=== Exercise instructions ===
Make an exact copy of all the entries, with the pictures left out.

Extracted data entries:
[Start of Attachment]

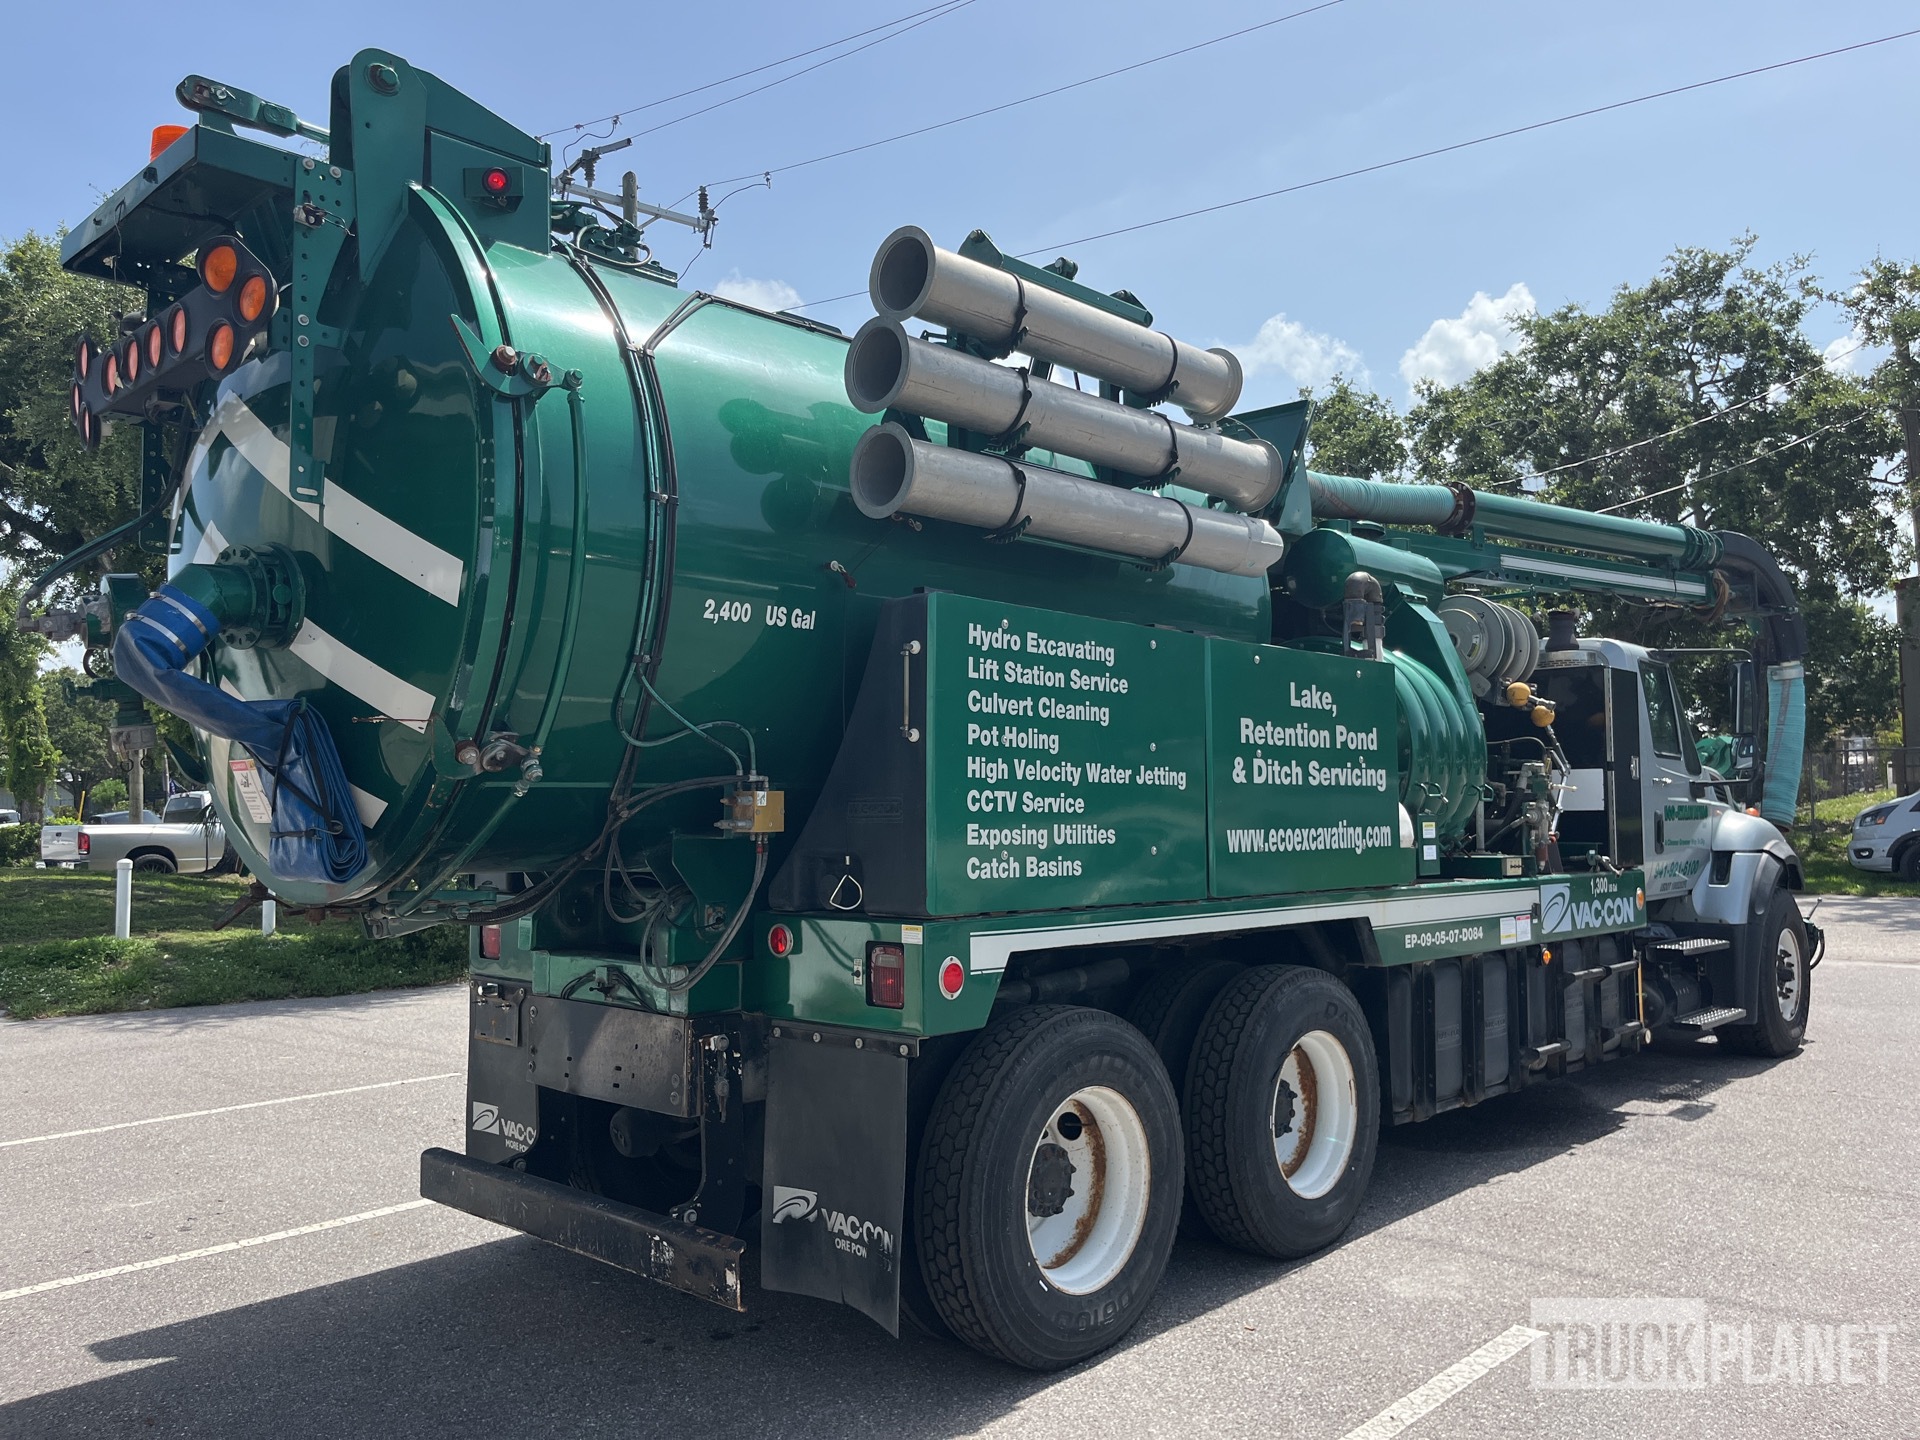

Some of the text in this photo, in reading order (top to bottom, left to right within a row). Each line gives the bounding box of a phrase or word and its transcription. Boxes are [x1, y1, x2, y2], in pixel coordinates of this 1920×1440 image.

[703, 599, 816, 630] 2,400 US Gal
[968, 623, 1115, 667] Hydro Excavating
[968, 656, 1129, 694] Lift Station Service
[967, 690, 1110, 727] Culvert Cleaning
[1290, 681, 1337, 717] Lake,
[967, 723, 1059, 755] Pot Holing
[1240, 717, 1378, 751] Retention Pond
[967, 756, 1187, 790] High Velocity Water Jetting
[1232, 756, 1387, 792] & Ditch Servicing
[966, 789, 1085, 814] CCTV Service
[966, 823, 1116, 850] Exposing Utilities
[1226, 819, 1392, 855] www.ecoexcavating.com
[966, 856, 1082, 880] Catch Basins
[1590, 877, 1608, 897] 1,300
[1404, 926, 1483, 949] EP-09-05-07-D084

[End of Attachment]

=== Your solution ===
Some of the text in this photo, in reading order (top to bottom, left to right within a row). Each line gives the bounding box of a phrase or word and its transcription. Boxes are [x1, y1, x2, y2], in pixel coordinates of this 1920×1440 image.

[703, 599, 816, 630] 2,400 US Gal
[968, 623, 1115, 667] Hydro Excavating
[968, 656, 1129, 694] Lift Station Service
[967, 690, 1110, 727] Culvert Cleaning
[1290, 681, 1337, 717] Lake,
[967, 723, 1059, 755] Pot Holing
[1240, 717, 1378, 751] Retention Pond
[967, 756, 1187, 790] High Velocity Water Jetting
[1232, 756, 1387, 792] & Ditch Servicing
[966, 789, 1085, 814] CCTV Service
[966, 823, 1116, 850] Exposing Utilities
[1226, 819, 1392, 855] www.ecoexcavating.com
[966, 856, 1082, 880] Catch Basins
[1590, 877, 1608, 897] 1,300
[1404, 926, 1483, 949] EP-09-05-07-D084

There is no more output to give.